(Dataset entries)
------

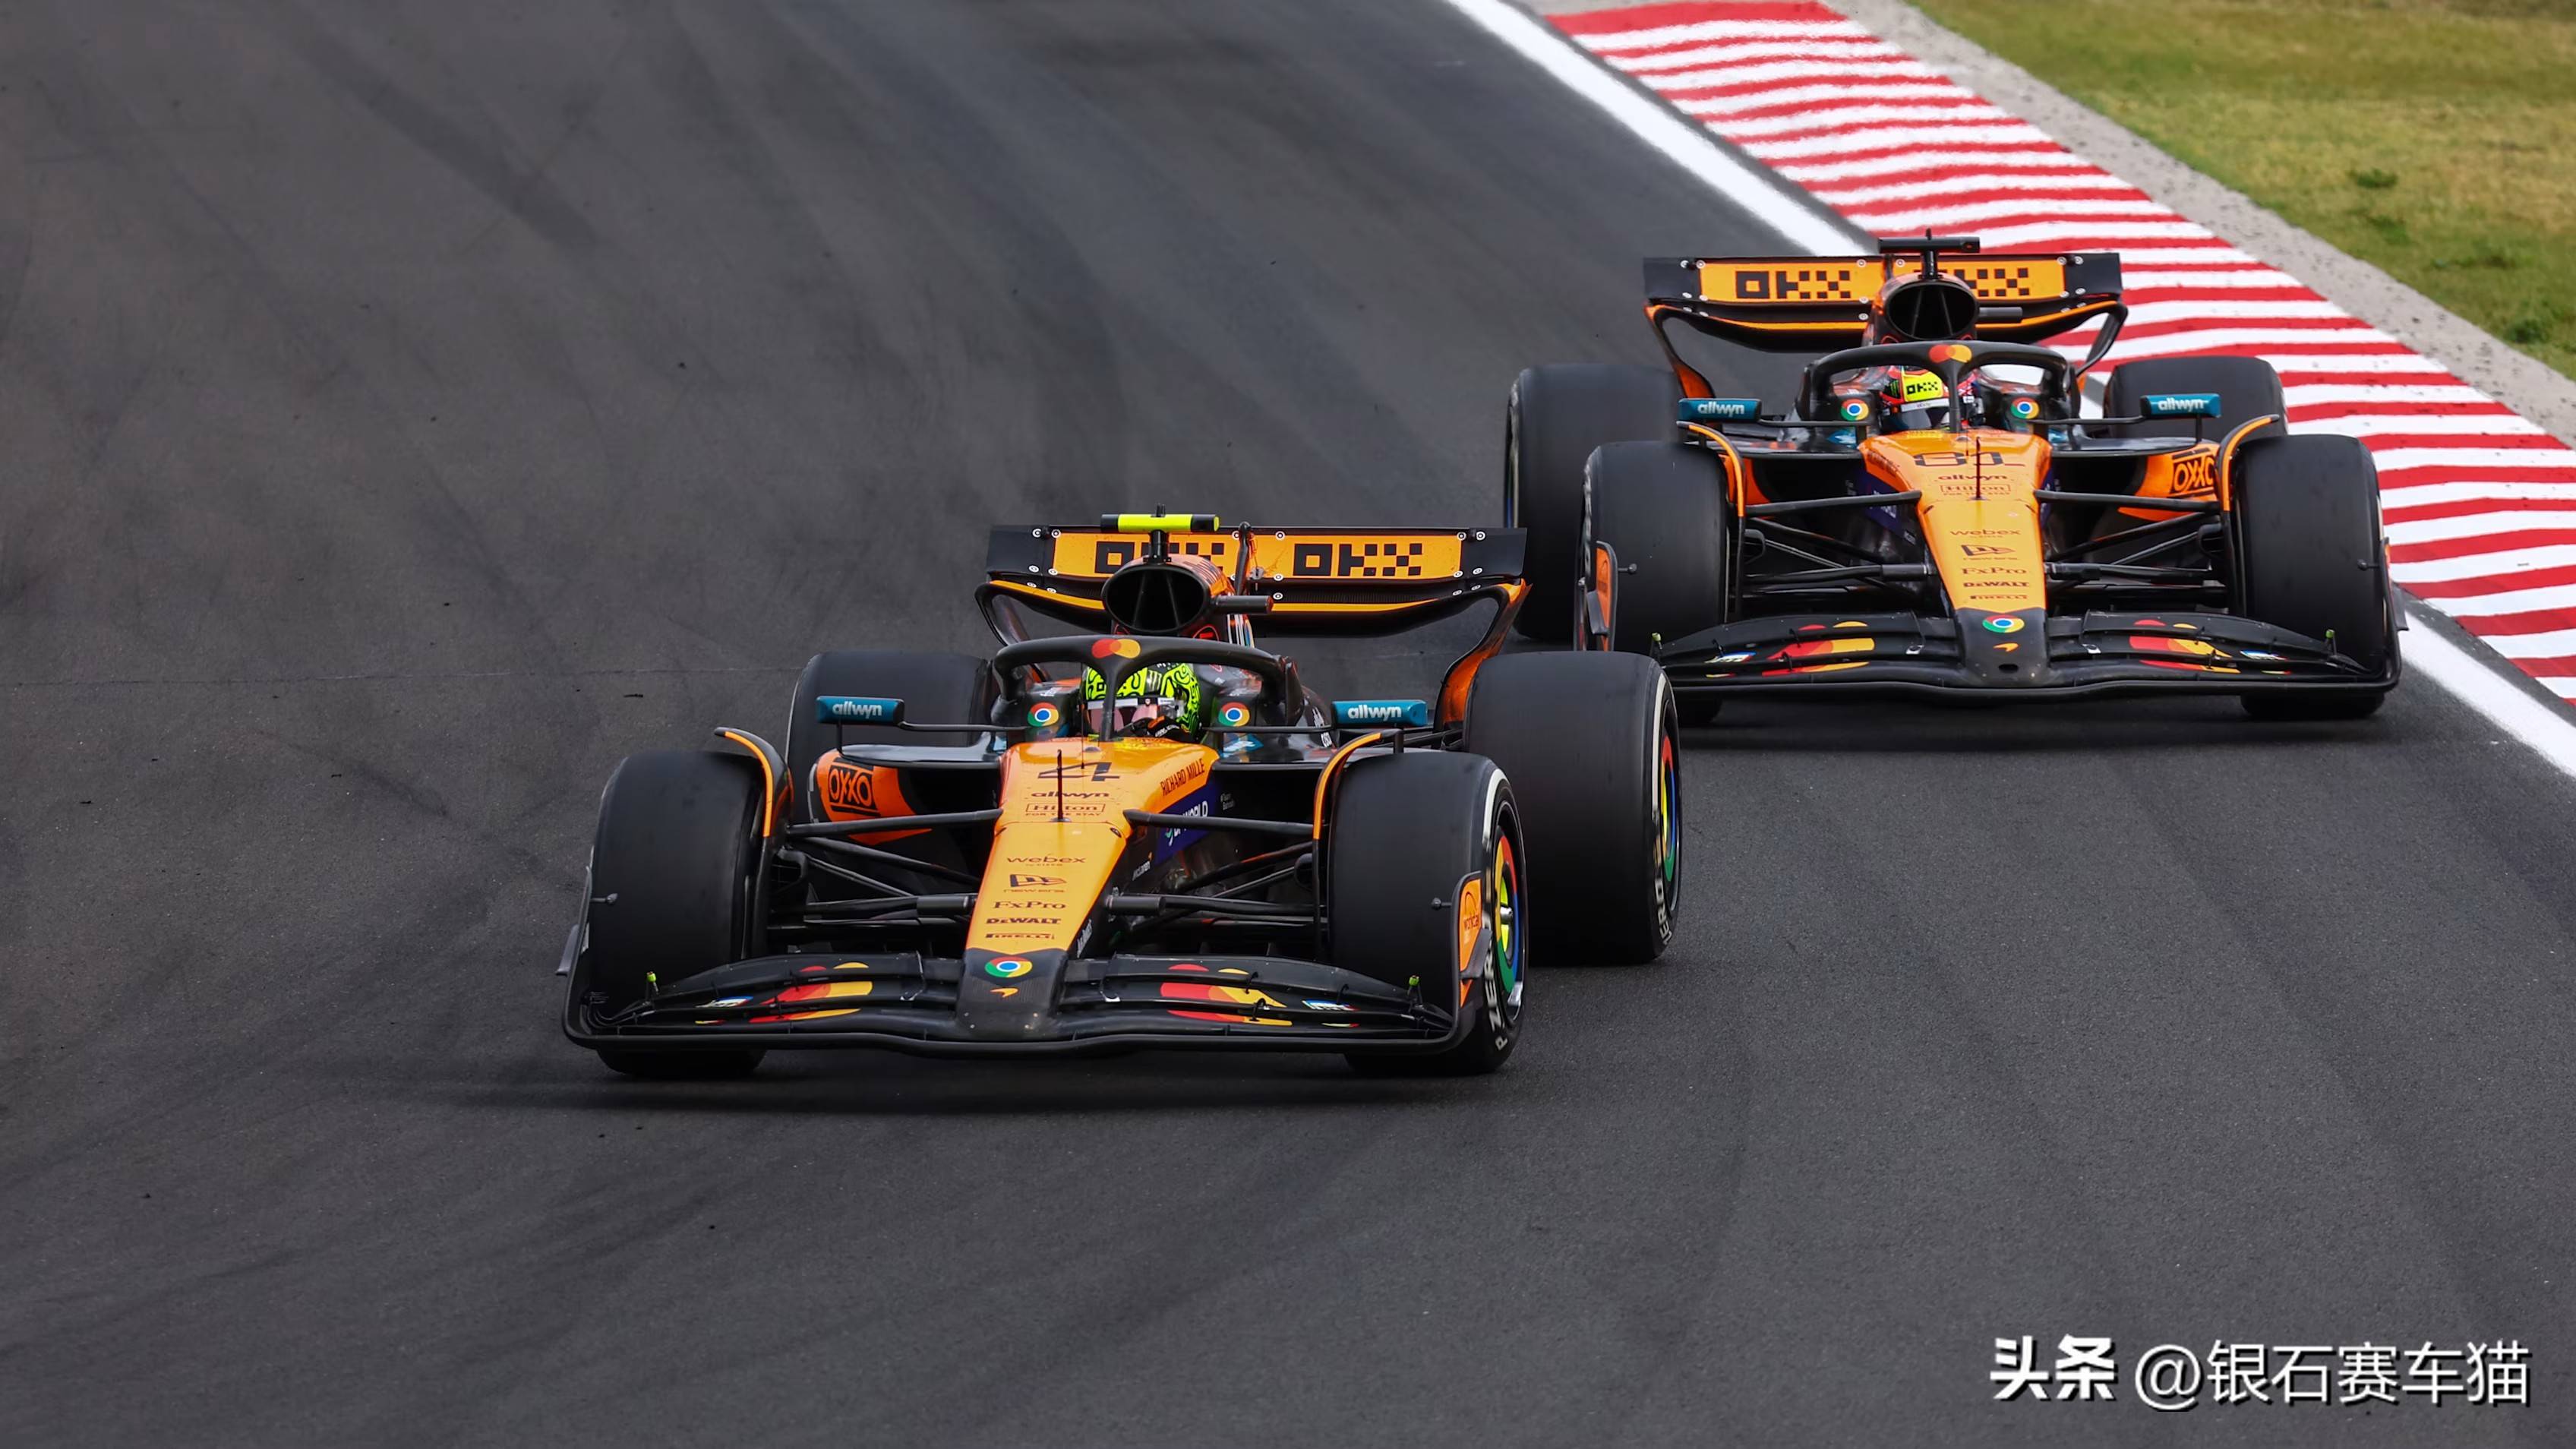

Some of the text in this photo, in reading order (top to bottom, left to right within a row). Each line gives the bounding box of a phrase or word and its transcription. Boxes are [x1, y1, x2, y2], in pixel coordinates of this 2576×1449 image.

[1735, 269, 1851, 299] OKX
[1906, 381, 1938, 394] OKX
[1697, 401, 1745, 417] allwyn
[2158, 396, 2205, 412] allwyn
[2173, 457, 2215, 492] OXXO
[1293, 542, 1422, 576] OKX
[832, 701, 882, 719] allwyn
[1347, 703, 1403, 721] allwyn
[1037, 762, 1120, 781] 4
[1160, 758, 1205, 797] RICHARD MILLE
[829, 768, 873, 807] OXXO
[993, 901, 1066, 909] FxPro

------

■ Work to complete ■
The records above are to be restated exactly, with all pictures omitted.

■ Reply to the task ■
Some of the text in this photo, in reading order (top to bottom, left to right within a row). Each line gives the bounding box of a phrase or word and its transcription. Boxes are [x1, y1, x2, y2], in pixel coordinates of this 2576×1449 image.

[1735, 269, 1851, 299] OKX
[1906, 381, 1938, 394] OKX
[1697, 401, 1745, 417] allwyn
[2158, 396, 2205, 412] allwyn
[2173, 457, 2215, 492] OXXO
[1293, 542, 1422, 576] OKX
[832, 701, 882, 719] allwyn
[1347, 703, 1403, 721] allwyn
[1037, 762, 1120, 781] 4
[1160, 758, 1205, 797] RICHARD MILLE
[829, 768, 873, 807] OXXO
[993, 901, 1066, 909] FxPro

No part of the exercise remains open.